Enhancing the performance of dye-sensitized solar cells based on TiO2 nanotube/nanoparticle composite photoanodes

Abstract

Improved efficiencies in quasi solid-state and liquid state dye-sensitized solar cells (DSSCs) are achieved by constructing TiO2-based photoanodes with nanostructures of nanotubes (NTs) and nanoparticles (NPs). High surface area, high quality, and good crystallinity of TiO2 NTs were synthesized through a simple reflux method by using commercial P25 NPs as a precursor.
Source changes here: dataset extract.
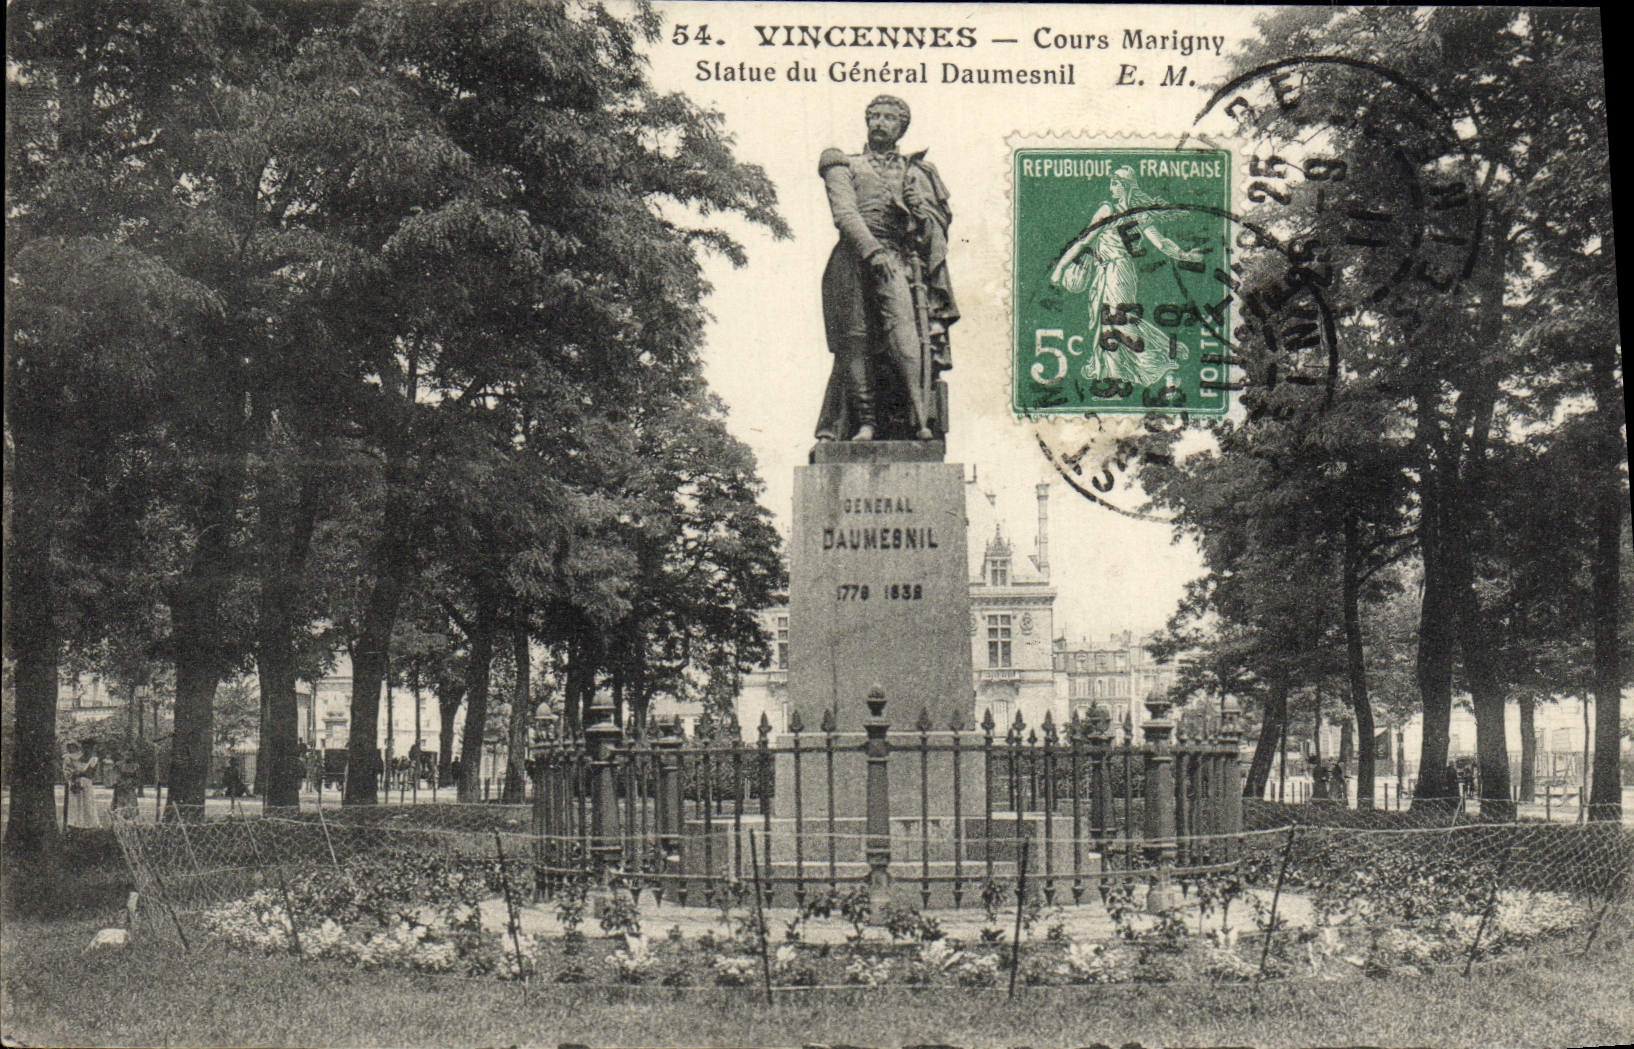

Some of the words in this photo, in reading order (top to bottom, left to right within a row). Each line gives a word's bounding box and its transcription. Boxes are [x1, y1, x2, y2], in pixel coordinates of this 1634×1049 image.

[1140, 158, 1221, 179] FRANÇAISE
[844, 498, 913, 514] GENERAL
[823, 527, 939, 551] DAUMESNIL
The highest conversion efficiency was investigated while the composite photoanode composed of the mixture of 10% (v/v) NTs in NPs, where assembled DSSCs exhibited the conversion efficiency of 2.4% in PEGDME-based electrolyte and 10.27% in DMPII-based liquid electrolyte, with TiO2 composite thickness of 6μm and 12μm, respectively, which showed improved conversion efficiency by 20.6% and 10.5% as compared to that of pure TiO2 NP DSSC. Electrochemical impedance spectra (EIS) demonstrate that TiO2 NTs are beneficial to improve the electron transport property as well as possess high charge collection and light harvesting and thus lead to the enhancement of the conversion efficiency.